Les gens de mer sont sur la ligne de front de la lutte contre la pandémie de COVID-19, et jouent un rôle essentiel pour assurer le maintien de la circulation de biens vitaux, comme la nourriture, les médicaments et les fournitures médicales. Toutefois, la pandémie a entraîné des conditions de travail difficiles pour les gens de mer, notamment des incertitudes et des difficultés concernant l’accès aux ports, le réapprovisionnement, les changements d’équipage et le rapatriement.

Les temps sont difficiles pour les marins avec le COVID-19. La consœur Jaanika Klimsto est préposée à la salle des machines à bord du NGCC Griffon, situé dans les Grands Lacs. Le changement d’équipage est soumis à de strictes règles. La consœur a expliqué que les membres de l’équipage doivent louer un véhicule, mais ne peuvent avoir plus de trois personnes à bord. Dès leur arrivée à la base, le personnel de la GCC qui porte un équipement de protection, procédé au nettoyage en profondeur du véhicule, après quoi les trois membres de l’équipage qui sortent de la rotation rendront la voiture de location.

« Nous n’avons pas de permission à terre, sauf pour se procurer des choses essentielles comme le carburant, l’eau, l’huile ou des aliments », a-t-elle déclaré. Il y a toutefois un côté positif puisqu’ils peuvent toujours rentrer chez eux à la fin de leur rotation. « Les choses ne sont pas radicalement différentes du fait qu’il n’y a pas beaucoup de contact avec le public (pour nous). »

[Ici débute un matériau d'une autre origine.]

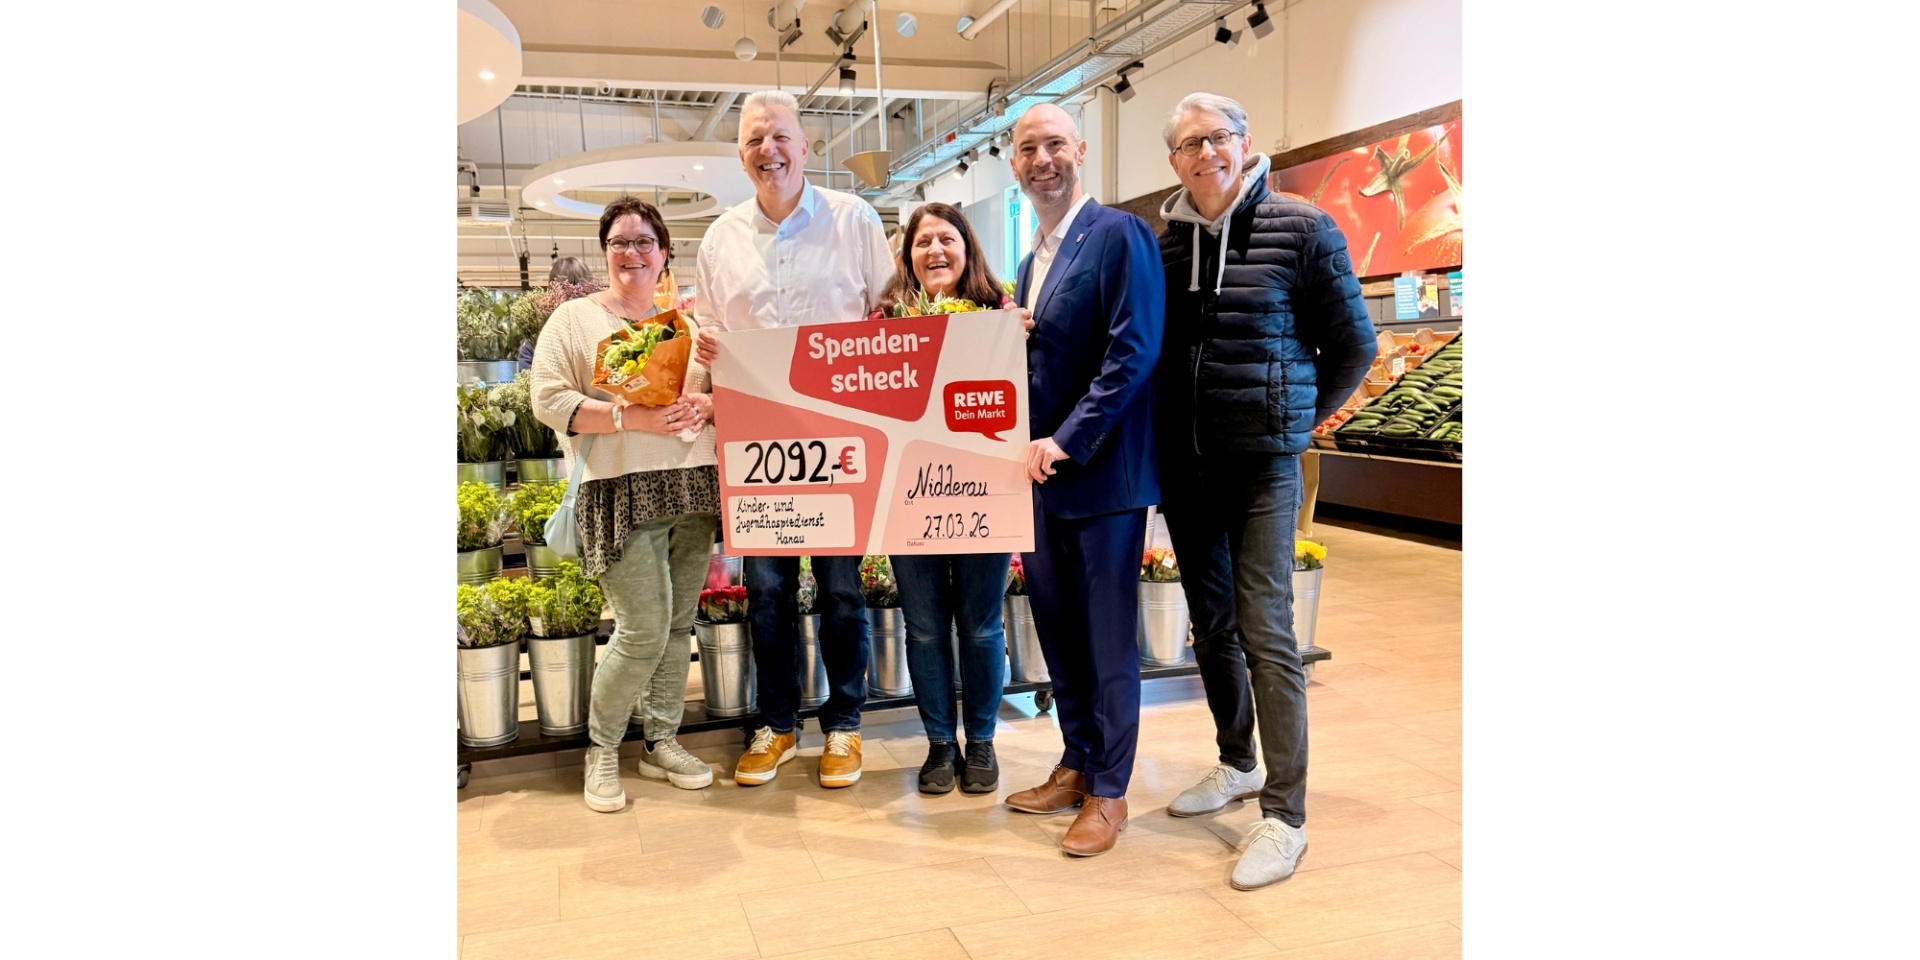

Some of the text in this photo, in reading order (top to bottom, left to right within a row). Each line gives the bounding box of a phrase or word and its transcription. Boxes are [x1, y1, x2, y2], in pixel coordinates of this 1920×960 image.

[808, 328, 930, 365] Spenden-
[831, 362, 919, 393] scheck
[954, 390, 1005, 408] REWE
[954, 408, 1006, 420] Dein Markt
[907, 462, 988, 499] Nidderau
[737, 497, 794, 513] Kinder- und
[923, 512, 990, 538] 27.03.26
[775, 531, 805, 545] Hanau

Ils ont sacrifié leur vie personnelle pour être un service essentiel et durant cette journée internationale nous voulons prendre le temps de souligner comment nous, les Canadiens, sommes reconnaissants.

À l’occasion de la Journée des gens de mer de 2020, l’OMI nous appelle tous à reconnaître les gens de mer comme des travailleurs clés, et à leur offrir le soutien, l’assistance et les possibilités de déplacement dont bénéficient tous les travailleurs clés pendant la pandémie. #SeafarersAreKeyWorkers

À tous nos membres qui naviguent pour gagner leur vie, merci.